Lean (n=16) and obese (n=19) adults underwent a hyperinsulinemic-euglycemic clamp to measure muscle insulin sensitivity (Si). [U-13C]palmitate was infused before the insulin clamp to assess basal FFA incorporation into muscle lipids and changed to [2H9]palmitate during the insulin clamp. Muscle biopsies were taken before and after the clamp. Total, subsarcolemmal (SS), and intramyofibrillar (IMF) muscle imTG and AC (C4, C5, C8, C14, C16, C18, C18:1 and C18:2) concentrations and enrichment (C16-AC) were measured by LC/MS/MS.


AC concentrations in SS, IMF and total muscle were not different between lean and obese. C4, C5 and C8 species were greater in SS and the ≥C16 chain length AC’s were greater in IMF (all P<0.001). In SS and IMF, only C4 and C5-carnitine concentrations decreased (P<0.01) during hyperinsulinemia. The incorporation of plasma [U-13C]palmitate during fasting enriched imTG-palmitate to 0.034 ± 0.014 MPE and palmitoyl-carnitine to 0.03±0.02 MPE, consistent with imTG being a precursor pool for AC. There was minimal incorporation of [2H9]palmitate into imTG-palmitate during the insulin clamp. [U-13C]palmitate in imTG didn’t change during hyperinsulinemia (0.04±0.03 MPE), but [U-13C]palmitoyl-AC enrichment decreased (P<0.0001) to 0.008±0.007 MPE, indicating a shift in the precursor pool. The percent decrease in [U-13C]palmitoyl-carnitine enrichment during hyperinsulinemia correlated negatively (r=-0.43, P=0.01) with Si.

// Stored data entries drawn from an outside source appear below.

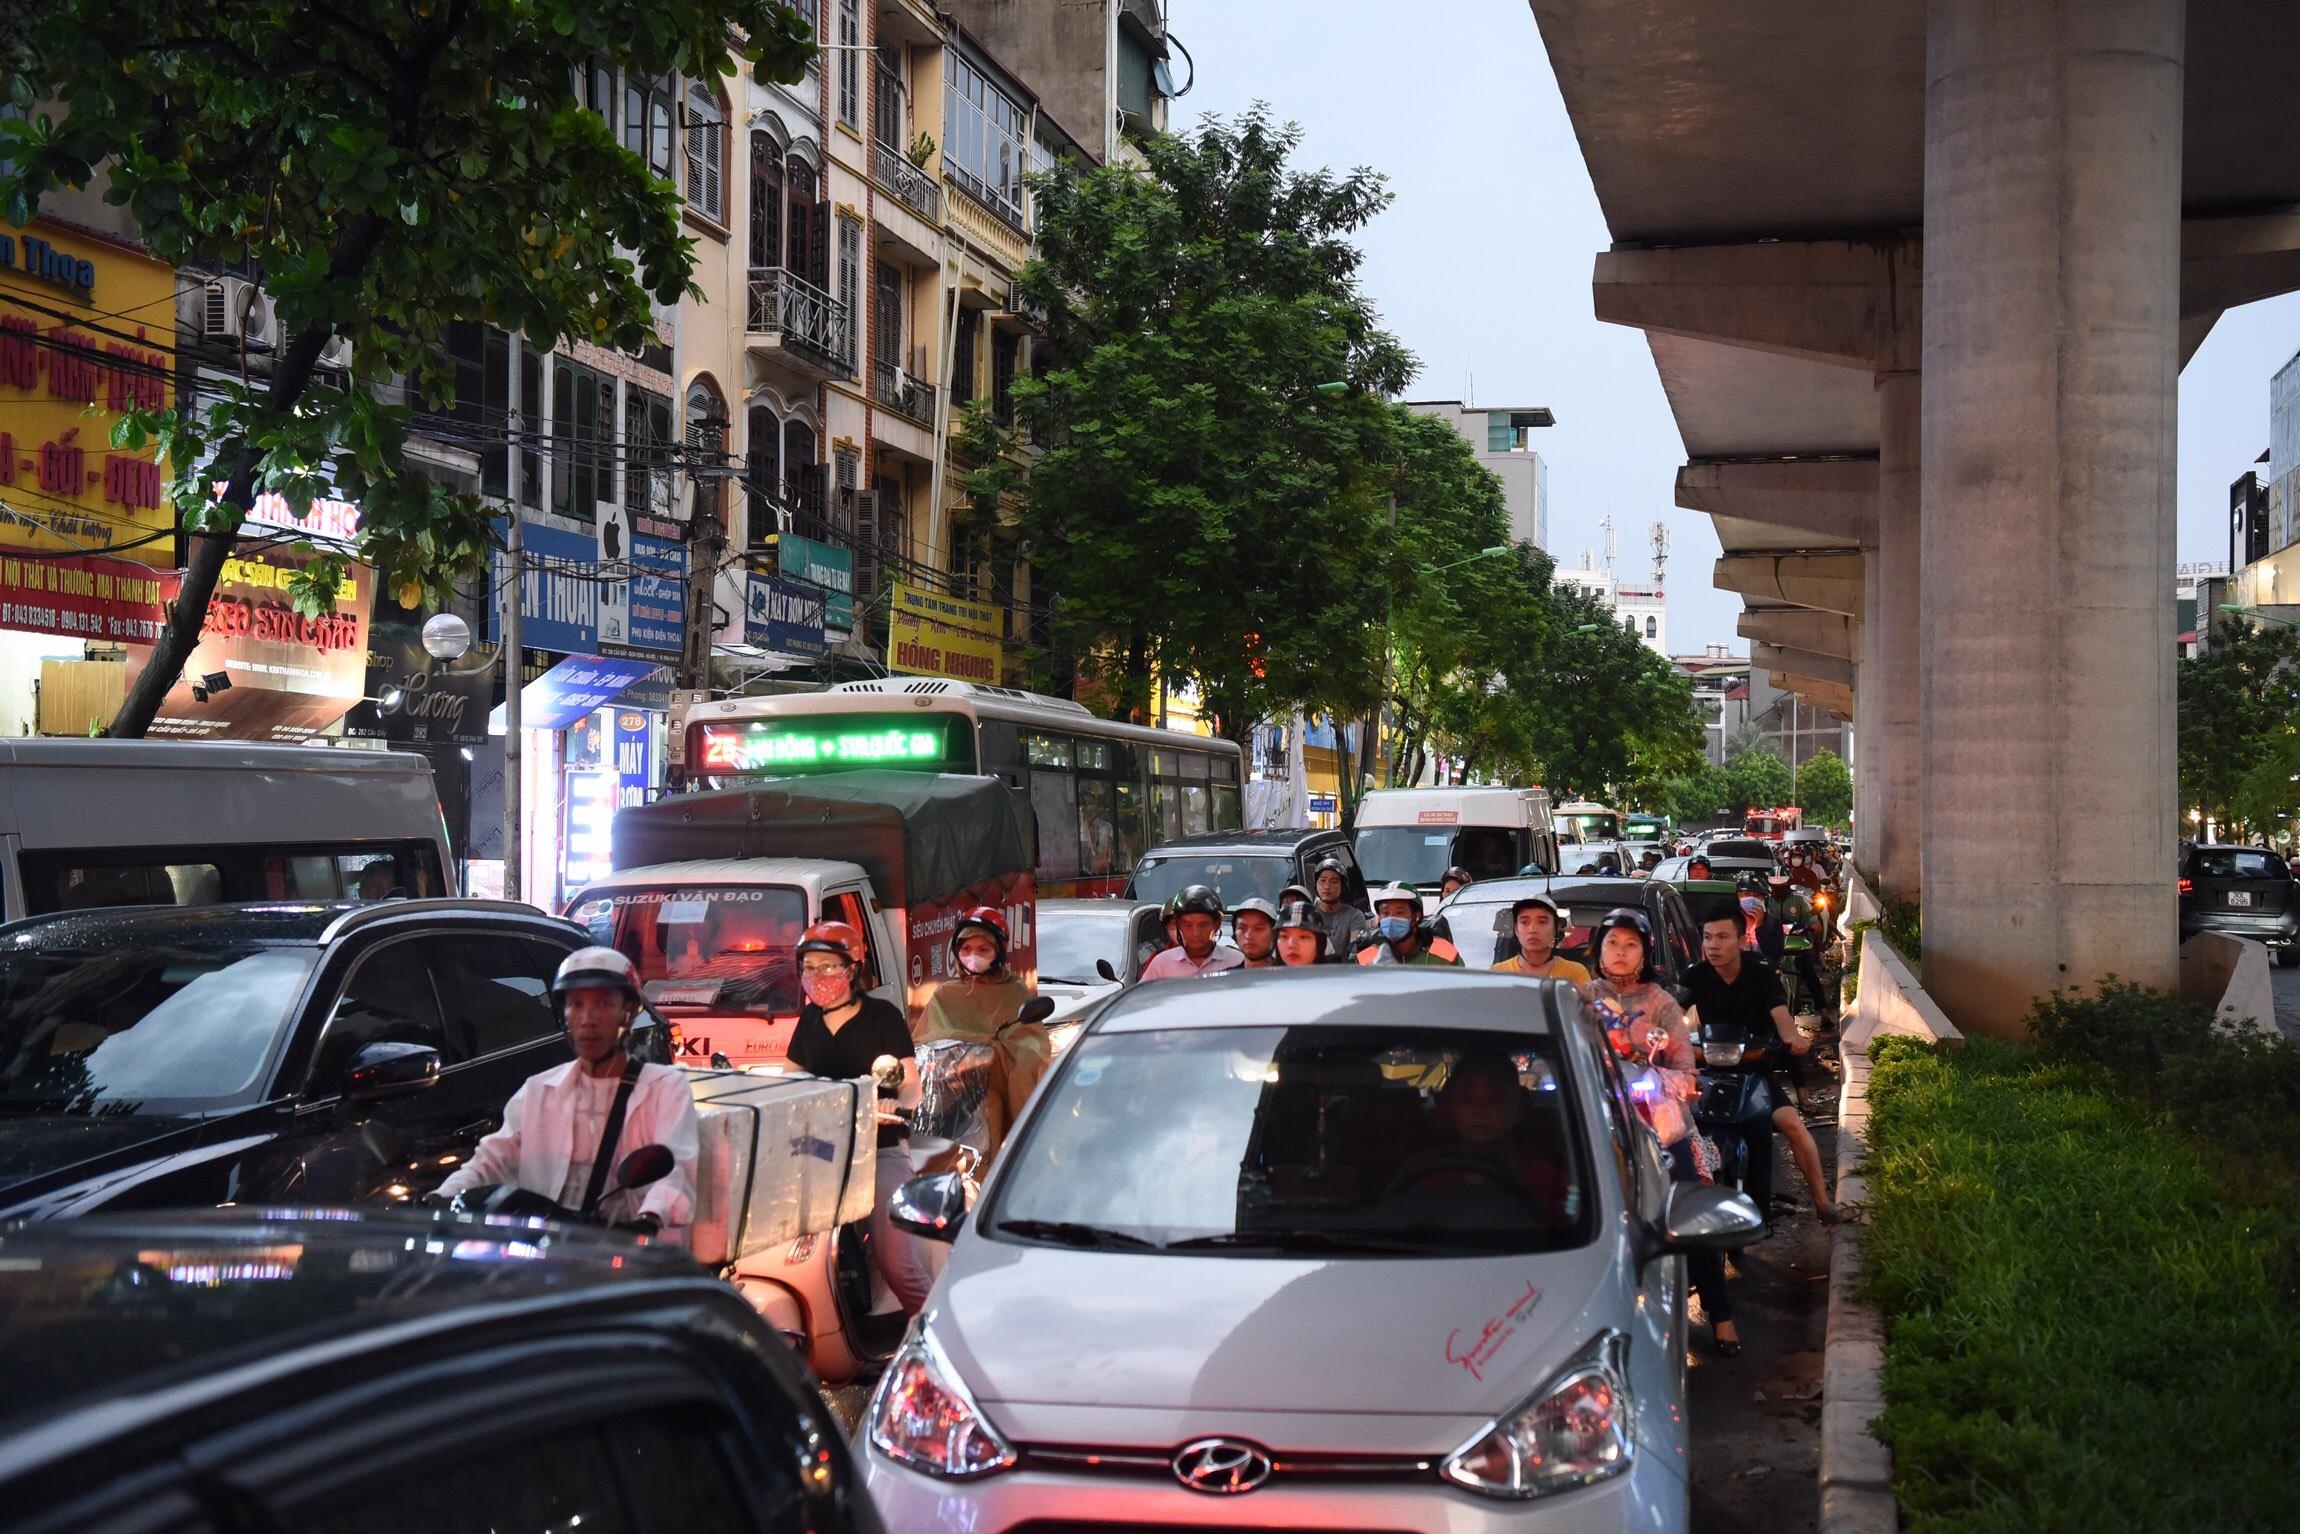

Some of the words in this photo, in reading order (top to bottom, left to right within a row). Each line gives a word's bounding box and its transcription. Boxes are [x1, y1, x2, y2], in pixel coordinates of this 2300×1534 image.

[21, 236, 95, 289] Thoa
[5, 559, 20, 591] NỘI
[24, 560, 45, 590] THẤT
[47, 561, 57, 592] VÀ
[96, 574, 112, 604] MẠI
[116, 572, 143, 602] THÀNH
[145, 579, 161, 609] ĐẠT
[545, 553, 595, 641] THOẠI
[904, 591, 924, 608] TRUNG
[939, 601, 957, 616] TRANG
[367, 650, 394, 673] Shop
[896, 636, 940, 673] HỒNG
[944, 651, 994, 680] NHUNG
[622, 717, 641, 727] 278
[619, 736, 644, 774] MÁY
[614, 893, 677, 905] SUZUKI
[723, 892, 763, 903] ĐẠO
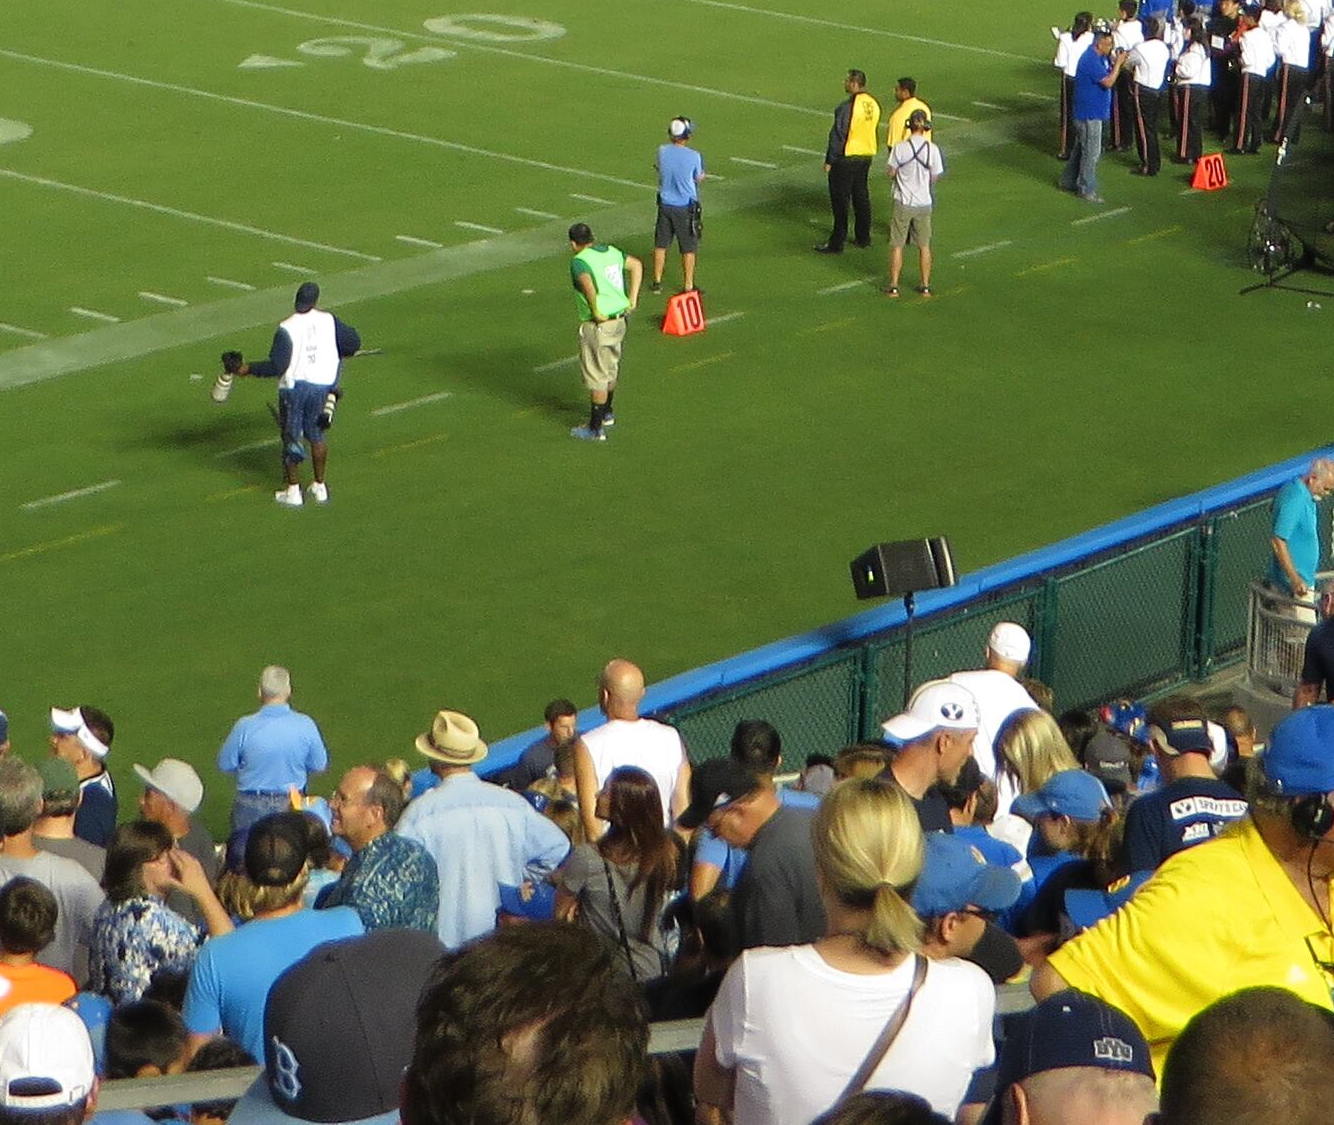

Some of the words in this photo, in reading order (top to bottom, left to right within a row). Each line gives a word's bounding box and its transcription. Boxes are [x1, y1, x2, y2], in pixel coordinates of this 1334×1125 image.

[294, 11, 569, 70] 20
[1204, 156, 1224, 188] 20
[677, 295, 702, 332] 10
[272, 1034, 301, 1099] B

Although the IMF and SS sub-fractions of muscle have different patterns of AC, AC concentrations are not altered in obesity. Hyperinsulinemia decreases only short chain muscle AC concentrations and alters the precursor pool for palmitoyl-carnitine. The inability to shift this precursor pool is related to muscle insulin resistance.